Prodigy also includes several helper functions that are useful for working with images – like the Images loader and the fetch_images pre-processor, which takes a stream of image paths and even URLs, and converts them to base64-encoded data URIs. This lets you store the image data with the annotation tasks. For more details and API docs see the PRODIGY_README.html. Your custom recipe could then look something like this:

import prodigy
from prodigy.components.loaders import Images
from prodigy.components.preprocess import fetch_images
from prodigy.components.sorters import prefer_uncertain

@prodigy.recipe('image.teach')
def image_teach(dataset, source):
    model = LOAD_YOUR_MODEL_HERE()
    stream = Images(source)  # path to a directory with images
    stream = fetch_images(stream)  # convert paths to base64-encoded data URIs
    
    return {
        'dataset': dataset,
        'stream': prefer_uncertain(model.predict(stream)),  # the sorted stream
        'update': model.update,  # method to update the model
        'view_id': 'image'
    }

There’s also a currently undocumented prodigy.util.b64_uri_to_bytes function that takes an encoded image and returns a bytes object. This should make it easy for your model to consume the image data. You can find more details on the image annotation task formats in the README. Essentially, your recipe/model should take the image and produce tasks of the following, simple format:

{
    "image": "data:image/png;base64,iVBORw0KGgoAAAANSUh...",
    "width": 800,
    "height": 600,
    "spans": [{
        "label": "PERSON",
        "points": [[150,80], [270,100], [250,200], [170,240], [100, 200]]
    }]
}

Each span describes an bounding box and "points" is a list of [x, y] coordinate tuples. Object detection models generally use rectangular bounding boxes – but as far as Prodigy is concerned, you can also easily render more complex polygon shapes.

Bootstrapping a new category is definitely the “hard part” – you’ll either need some already annotated data to pre-train your model, or find a model that already predicts something that’s at least similar to what you’re looking for, so you can improve it.

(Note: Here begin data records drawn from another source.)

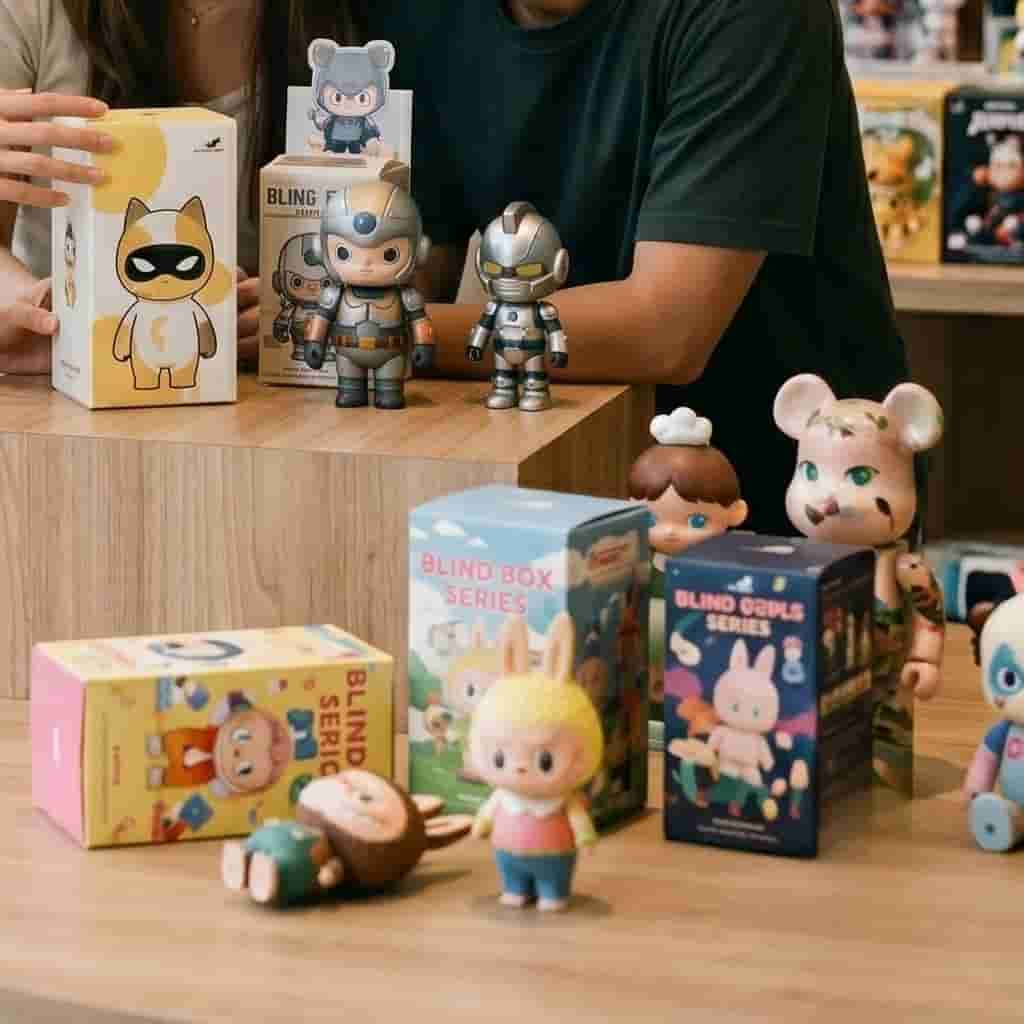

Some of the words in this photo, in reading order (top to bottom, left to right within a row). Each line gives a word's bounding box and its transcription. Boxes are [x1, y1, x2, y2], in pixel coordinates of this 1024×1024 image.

[267, 187, 317, 206] BLING
[421, 552, 493, 581] BLIND
[500, 564, 553, 592] BOX
[446, 584, 528, 614] SERIES
[674, 588, 736, 614] BLIND
[705, 612, 772, 638] SERIES
[346, 670, 367, 767] BLIND

Prodigy should also come in very handy here, because it’ll let you skip through your examples quickly and visualise the model’s predictions. So you can load in your stream of stapler images, and see what your pre-trained model predicts. Maybe it turns out that it sometimes detects your staplers as something else – like BOWL. So using a recipe like the one I outlined above, you can try and teach your model a new concept of that category, by only accepting staplers and rejecting everything else. How well that works will depend on the pre-trained model and your input data. But Prodigy should definitely make it easier to experiment with this approach.

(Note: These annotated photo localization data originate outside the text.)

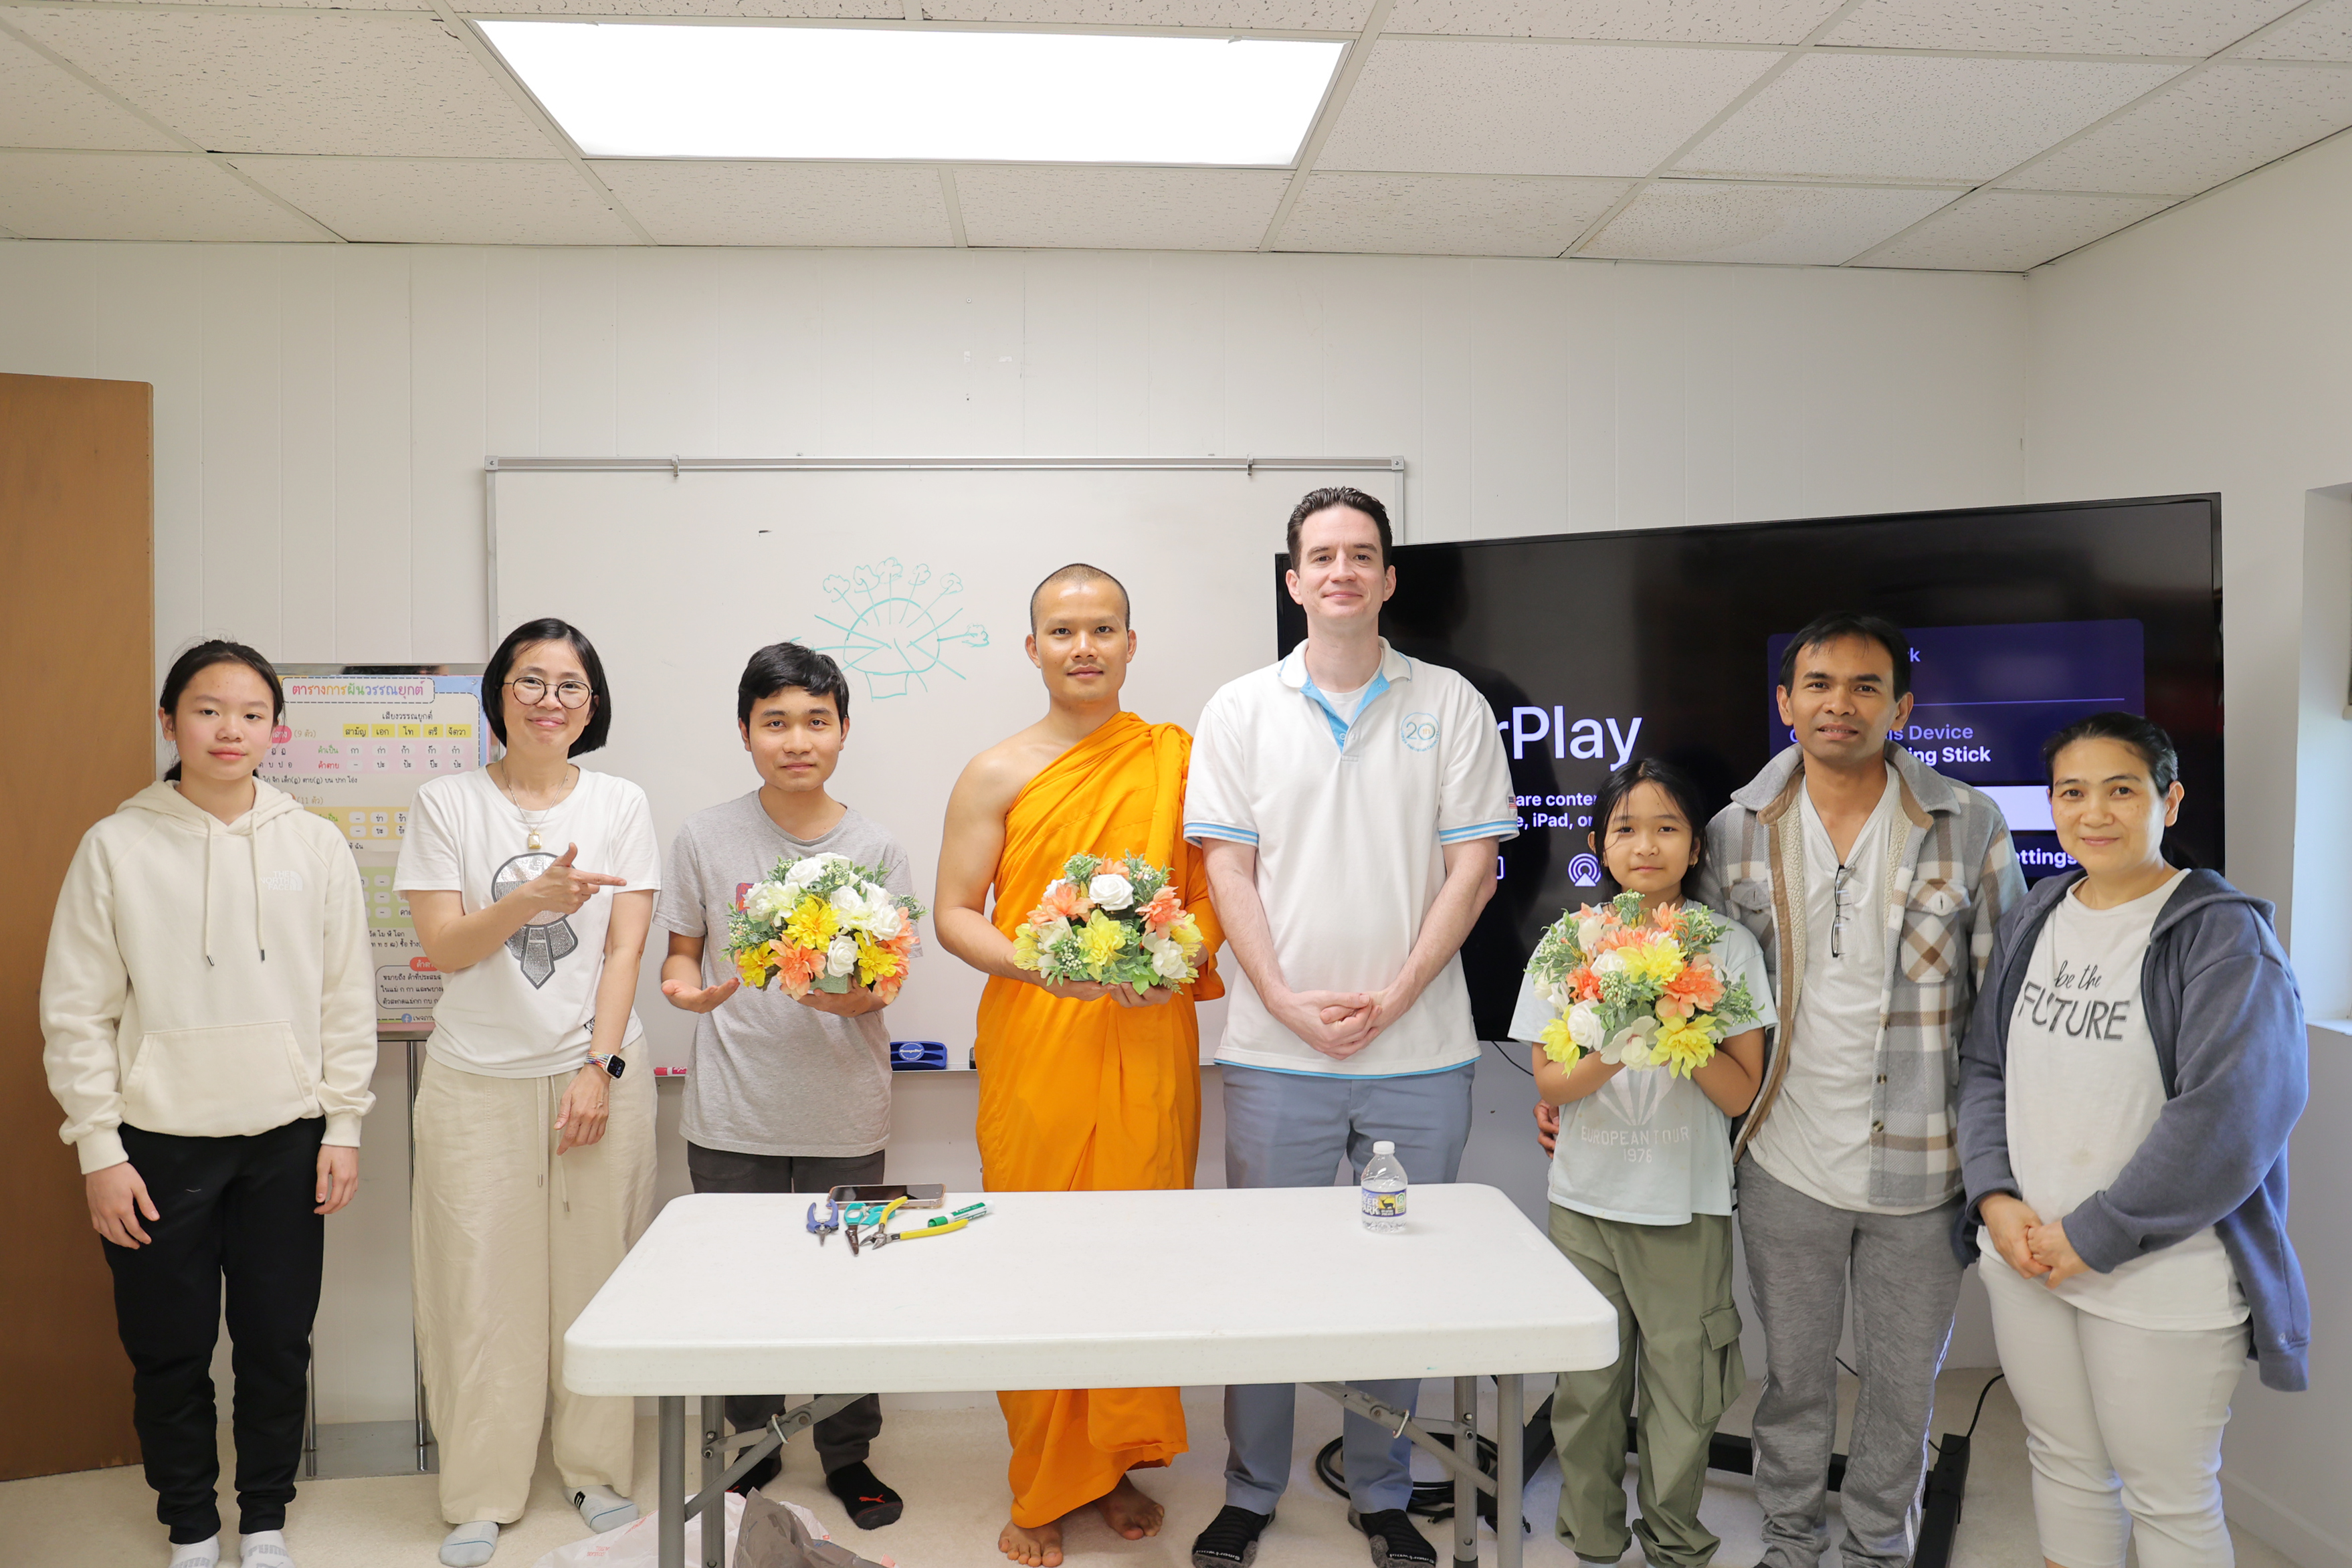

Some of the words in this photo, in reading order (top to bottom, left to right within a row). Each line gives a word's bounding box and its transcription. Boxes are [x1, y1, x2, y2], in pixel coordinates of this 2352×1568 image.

[292, 680, 425, 699] ตารางการผันวรรณยุกต์
[382, 710, 433, 722] เสียงวรรณยุกต์
[345, 726, 366, 737] สามัญ
[403, 726, 413, 736] โท
[428, 726, 437, 736] ตรี
[448, 726, 466, 736] จัตวา
[1497, 704, 1643, 772] Play
[1909, 724, 1974, 740] Device
[318, 745, 338, 754] คำเป็น
[1908, 747, 1937, 766] ing
[1942, 746, 1991, 763] Stick
[1516, 795, 1542, 806] are
[1545, 793, 1597, 806] conte
[1517, 815, 1529, 830] e,
[1533, 812, 1573, 830] iPad,
[2054, 960, 2075, 989] be
[2078, 964, 2102, 991] the
[2018, 981, 2130, 1041] FUTURE
[1581, 1126, 1650, 1146] EUROPEAN
[1654, 1126, 1690, 1145] TOUR
[1624, 1148, 1653, 1163] 1976

We’re also currently working on a manual image annotation interface that will let you create image annotations from scratch, by drawing the bounding boxes yourself. This is still under development, though, and we don’t yet have an ETA.

We also believe that ideally, manual annotation is something you should only have to resort to for evaluation data and edge cases. In Prodigy, we’re trying to reframe the problem and come up with more efficient solutions – for example, the patterns approach in ner.teach. Bootstrapping a new category with abstract examples like this is a little more difficult for images – we do have some ideas, but we haven’t really tested any of those in detail yet. (For now, our main focus has been to build out and finalise Prodigy’s NLP capabilities and solutions.)

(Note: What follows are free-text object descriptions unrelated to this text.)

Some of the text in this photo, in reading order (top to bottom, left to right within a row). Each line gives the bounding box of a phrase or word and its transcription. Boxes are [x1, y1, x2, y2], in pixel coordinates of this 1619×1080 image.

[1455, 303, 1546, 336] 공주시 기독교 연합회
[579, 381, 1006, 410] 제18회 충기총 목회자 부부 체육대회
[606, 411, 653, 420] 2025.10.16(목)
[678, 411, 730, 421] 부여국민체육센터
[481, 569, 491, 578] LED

If you do end up experimenting with plugging in a custom image model, definitely keep us updated on your progress – I’m very curious to hear how it works on different problems and use cases :grinning:

1 Like

The demo looks great, I’m looking forward to it’s release! That would definitely be helpful with bootstrapping the new category and creating pre-annotated data.

Thanks for the push in the right direction, I’ll definitely post here again if I get something working!

1 Like

Cool, thanks! :+1:

I just had another idea for bootstrapping the initial training examples: You could also try and find a pre-trained object detection model and run it with a fairly low threshold, i.e. make it find as many bounding boxes as possible. Chances are that it will also detect your staplers (if they’re isolated enough) and assign some random category to them.

You can then run your recipe without an update callback, create one annotation example for each bounding box and simply accept all boxes containing staplers (regardless of the category) and reject everything else. You might have to click through a lot of boxes, but because it’s only a binary decision and one click / key press, it should be pretty fast. (The decision is so visually obvious, you can easily get to < 1 second per click, once you’re in a good flow.)

When you’re done, you can export your dataset with --answer accept (to only extract the accepted boxes) and you’ll have a training set of staplers :tada:

prodigy db-out staplers_dataset /tmp --answer accept